Филипп уже приготовился уйти вниз, в пыль, в груды камней, как вдруг его схватили за плечо. За секунду до телепортации он успел заметить разъярённые глаза Анны, и…
Они оказались на пологом берегу. Быстрые речные потоки бежали перед Филиппом, за спиной, в нескольких километрах, виднелись краснокаменные стены бастиона. Филипп вертел головой, оглядывая голые ветки разросшихся у берега кустов, пустые овраги, покрытые слабой, серой травой. Осознание, что произошло, ударило его секундами позже, как холодный ветер в лицо. Филипп, словно очнувшись, моргнул. Анна, хмурая, с поджатыми губами стояла перед ним, сверля его взглядом, словно пыталась им убить, словно жалела, что спасла его. Выбившиеся из косы пряди развевались на ветру.
— Спасибо… — проговорил Филипп и закашлялся.
Анна сильнее сжала челюсти, сморщила нос и… исчезла.
Филипп тяжело вздохнул. Если он на мгновение и засомневался в её нежелании сотрудничать, то сейчас уверенность возвращалась. И было в этом что-то гнетущее.
Он её не понимал. Не понимал он и себя тоже. Там, на поле боя, они готовы были друг друга убить, но она вырвала его из лап смерти, и, что странно, Филипп на неё не злился, хотя должен был. Вместо этого он жалел, что она не осталась.
Ещё раз закашляв, Филипп покачал головой. Мысли об Анне стоило отложить, а вместо этого подумать, как он доберётся до базы. И для начала надо было хоть попробовать промыть рот: на зубах хрустел песок, в горле першило, нос чесался от попавшей в него пыли. Осмотревшись, Филипп нашёл самый некрутой спуск к реке и осторожно, морщась от парализующей боли в плече, рыча, но цепляясь обеими руками за корни кустов и выступы, спустился к воде. Та была ледяная. Середина весны — не время для купаний, но, несмотря на это, Филипп зачерпнул ладонями воду и плеснул себе в лицо. Холод заставил очнуться ещё раз. Мысли встали на место окончательно, и теперь он думал лишь о том, как по возвращении на полигон объяснит своё чудесное спасение. То, что сделала Анна, её выстрел в генерала Флиннстоуна, — военное преступление. То, что она спасла принца, могло бы быть искуплением, но его слова едва ли учтут. Кем бы он ни был…

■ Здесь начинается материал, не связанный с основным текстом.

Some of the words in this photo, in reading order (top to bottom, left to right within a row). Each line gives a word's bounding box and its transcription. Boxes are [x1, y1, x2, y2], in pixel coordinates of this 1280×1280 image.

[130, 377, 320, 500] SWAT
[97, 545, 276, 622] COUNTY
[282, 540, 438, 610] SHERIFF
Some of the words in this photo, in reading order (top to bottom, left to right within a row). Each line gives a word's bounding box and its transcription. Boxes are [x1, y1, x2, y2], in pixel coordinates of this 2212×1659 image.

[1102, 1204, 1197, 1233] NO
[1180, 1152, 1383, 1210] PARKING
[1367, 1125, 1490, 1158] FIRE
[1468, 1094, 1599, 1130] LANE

Посмотрев на раненую руку — по рукаву кителя расплылось бурого цвета пятно, — Филипп начал подъём обратно на холм. Ему предстоял долгий путь…
Хог откровенно веселился, стоя на крыше и глядя вниз. В его глазах плясали задорные искры всякий раз, когда он бросал взгляды на огромный котлован, где под камнями оказалось похоронено столько людей. Ему было плевать, на чьей они стороне, ему просто льстило, что это сделал он.

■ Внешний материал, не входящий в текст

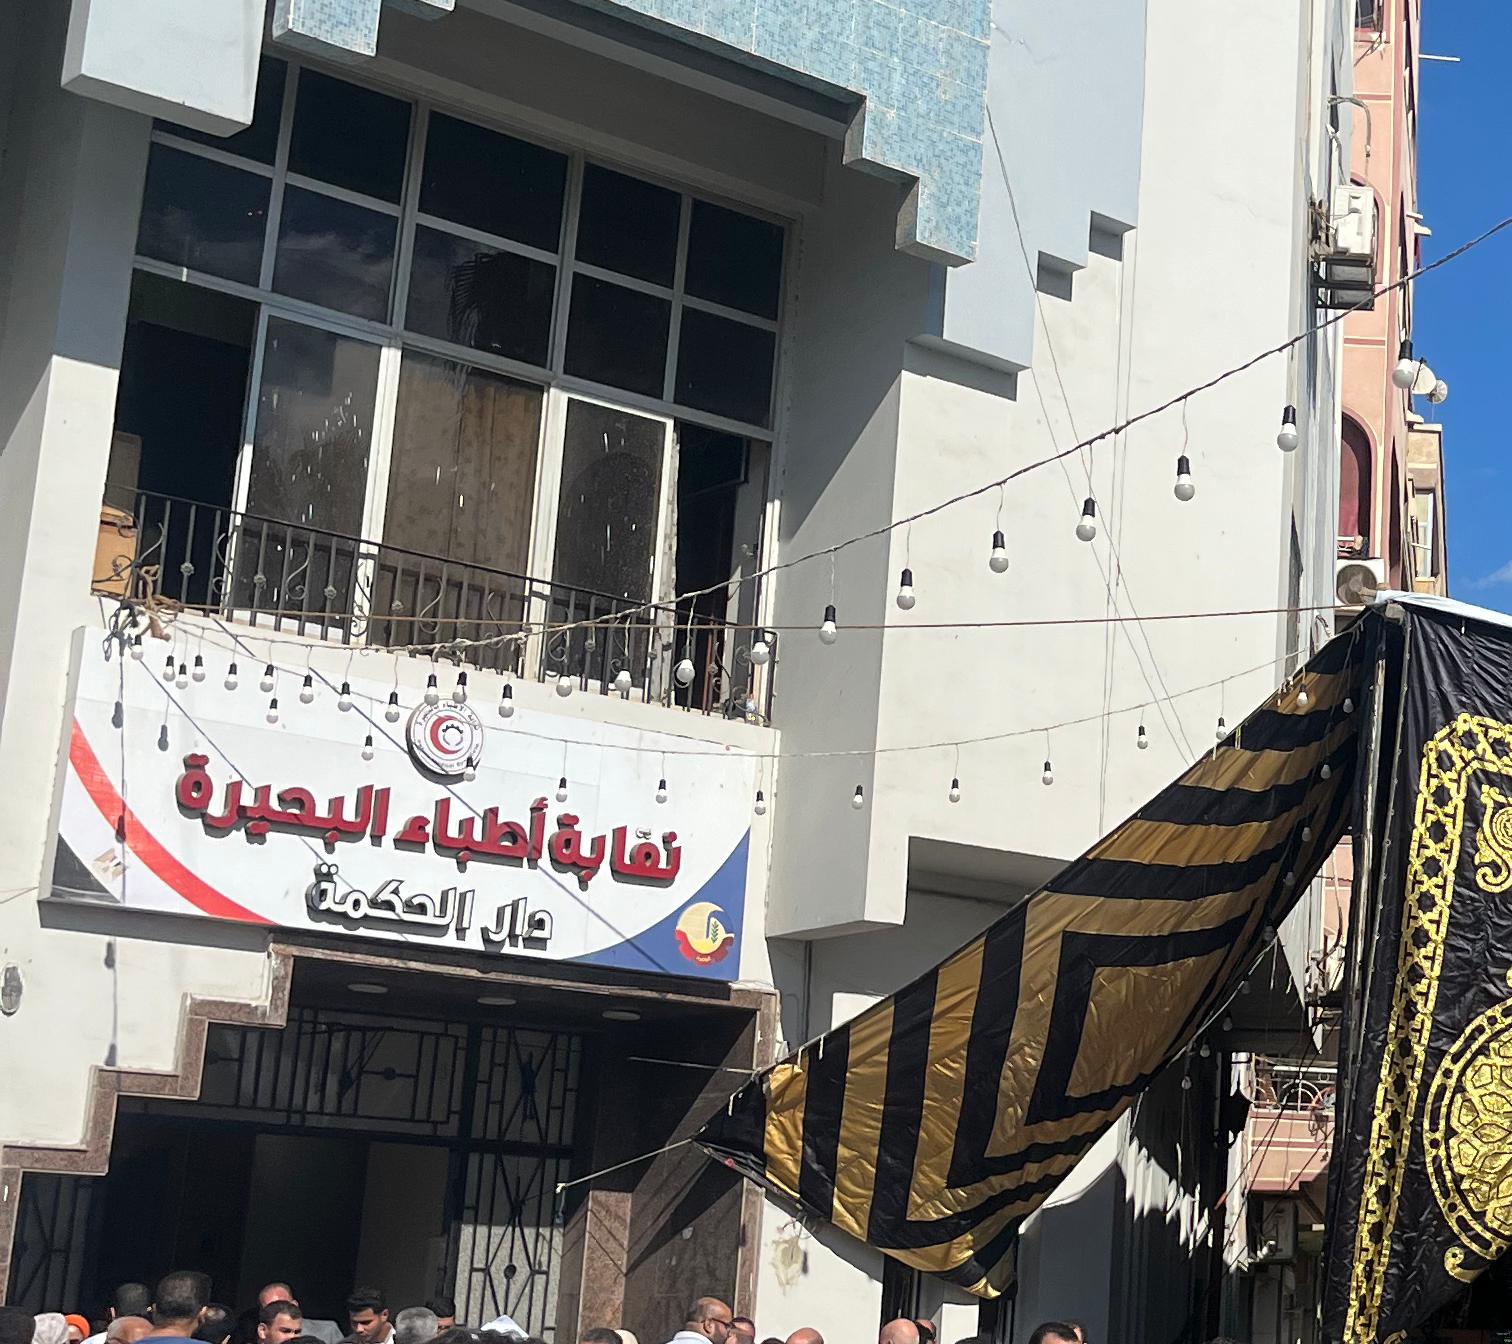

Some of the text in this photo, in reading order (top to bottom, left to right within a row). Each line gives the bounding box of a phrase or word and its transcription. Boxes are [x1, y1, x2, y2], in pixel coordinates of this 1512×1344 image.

[177, 752, 683, 882] نقابة أطباء البحيرة
[305, 862, 554, 943] دار الحكمة

— Ты видела, Анка, — смеялся Хог, — как этот последний придурок шмякнулся, когда столб сломался? Я думал, что он будет кричать сильнее, правда…
— Ага, — буркнула Анна, сидя на аттиковой стене и глядя на то, как Харон и Орел устало привалились друг к другу и клевали носами. Лицо одного пересекала длинная красная полоса от выстрела, у второго была перемотана рука. Взгляд Анны скользил по их фигурам, но мыслями она была далеко.
Сначала она думала о том, что зря спасла Филиппа. Какое ей вообще было до него дело? Давно было пора забыть о нём и успокоиться. Но она не смогла позволить ему упасть. Одна мысль о его гибели причиняла боль.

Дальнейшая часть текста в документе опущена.